Work instruction: When you retype the records that follow, keep each word as it is and drop any pictures.

Dataset entries
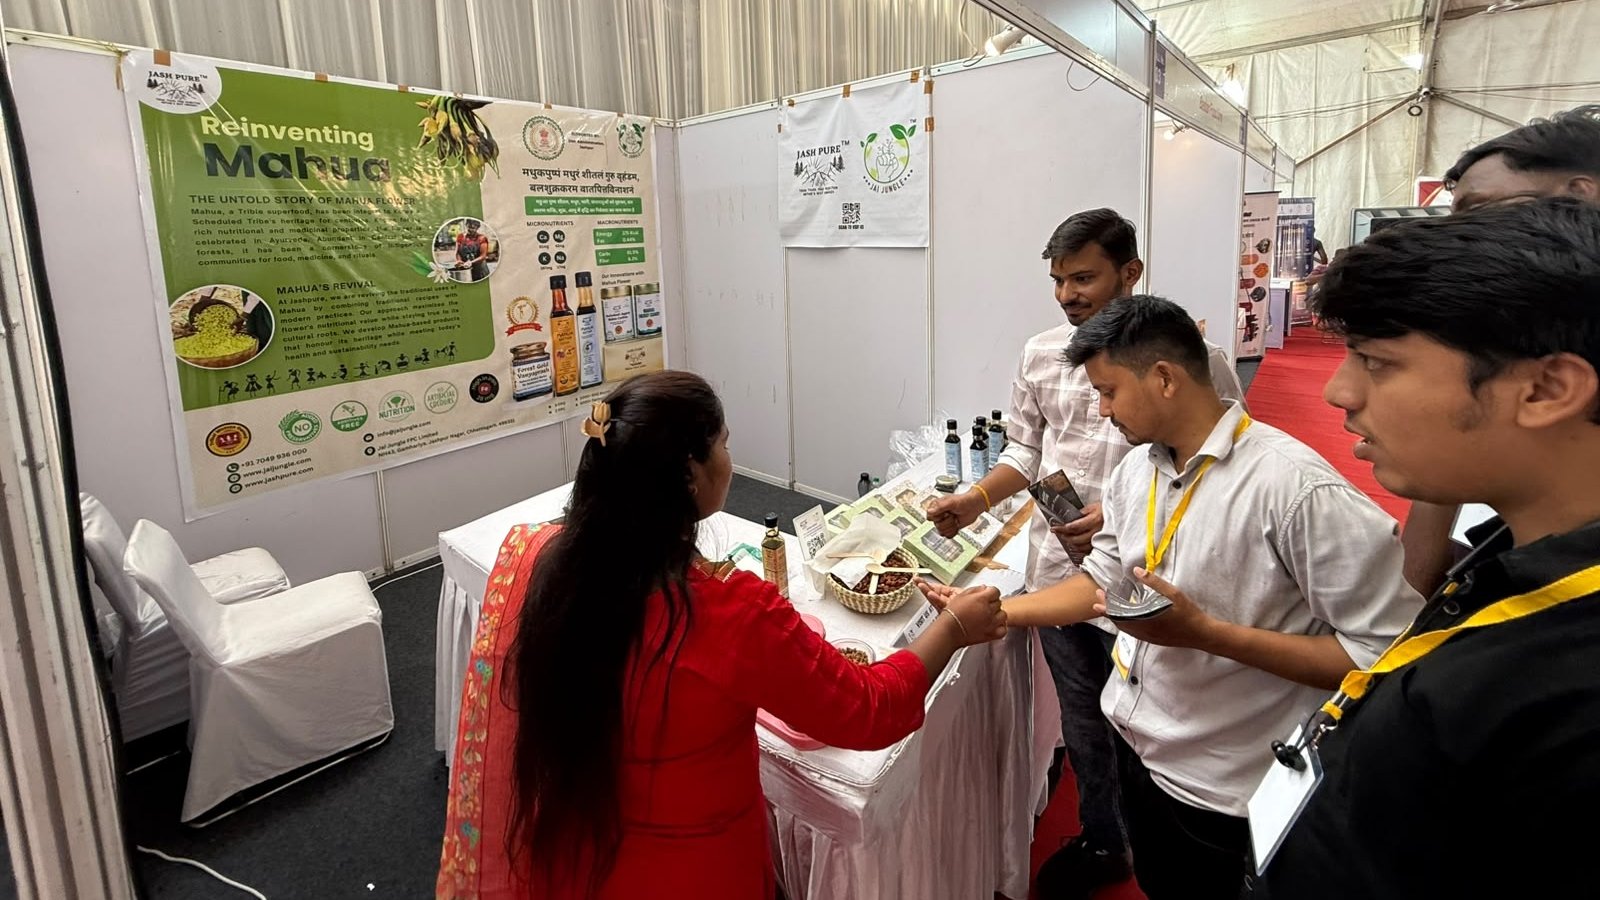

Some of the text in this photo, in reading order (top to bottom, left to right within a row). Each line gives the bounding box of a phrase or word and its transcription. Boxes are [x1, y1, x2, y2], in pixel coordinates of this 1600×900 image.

[148, 71, 200, 82] JASH PURE
[201, 116, 374, 151] Reinventing
[797, 149, 816, 160] JASH
[818, 145, 841, 156] PURE
[203, 144, 392, 182] Mahua
[582, 169, 604, 179] शीतलं
[870, 178, 905, 193] JAI JUNGLE
[190, 195, 415, 207] THE UNTOLD STORY OF MAHUA FLOWER
[281, 218, 314, 226] heritage
[198, 258, 256, 266] communities
[298, 254, 335, 262] medicine,
[277, 280, 376, 294] MAHUA'S REVIVAL
[331, 301, 369, 310] combining
[282, 325, 313, 333] flower's
[317, 320, 356, 329] nutritional
[283, 333, 314, 342] cultural
[389, 320, 431, 328] Mahua-based
[329, 344, 377, 354] sustainability
[427, 391, 455, 402] ARTIFICIAL
[379, 405, 416, 419] NUTRITION
[294, 423, 310, 433] NO
[341, 422, 360, 430] FREE
[377, 421, 431, 438] info@jaijungle.com
[387, 440, 406, 449] Jungle
[418, 431, 438, 440] Limited
[428, 435, 448, 445] Jashpur
[256, 456, 275, 464] 7049
[292, 448, 308, 456] 000
[243, 457, 311, 478] www.jaijungle.com
[244, 466, 314, 488] www.jashpure.com
[915, 615, 925, 628] VISIT

Your solution:
Some of the text in this photo, in reading order (top to bottom, left to right within a row). Each line gives the bounding box of a phrase or word and its transcription. Boxes are [x1, y1, x2, y2], in pixel coordinates of this 1600×900 image.

[148, 71, 200, 82] JASH PURE
[201, 116, 374, 151] Reinventing
[797, 149, 816, 160] JASH
[818, 145, 841, 156] PURE
[203, 144, 392, 182] Mahua
[582, 169, 604, 179] शीतलं
[870, 178, 905, 193] JAI JUNGLE
[190, 195, 415, 207] THE UNTOLD STORY OF MAHUA FLOWER
[281, 218, 314, 226] heritage
[198, 258, 256, 266] communities
[298, 254, 335, 262] medicine,
[277, 280, 376, 294] MAHUA'S REVIVAL
[331, 301, 369, 310] combining
[282, 325, 313, 333] flower's
[317, 320, 356, 329] nutritional
[283, 333, 314, 342] cultural
[389, 320, 431, 328] Mahua-based
[329, 344, 377, 354] sustainability
[427, 391, 455, 402] ARTIFICIAL
[379, 405, 416, 419] NUTRITION
[294, 423, 310, 433] NO
[341, 422, 360, 430] FREE
[377, 421, 431, 438] info@jaijungle.com
[387, 440, 406, 449] Jungle
[418, 431, 438, 440] Limited
[428, 435, 448, 445] Jashpur
[256, 456, 275, 464] 7049
[292, 448, 308, 456] 000
[243, 457, 311, 478] www.jaijungle.com
[244, 466, 314, 488] www.jashpure.com
[915, 615, 925, 628] VISIT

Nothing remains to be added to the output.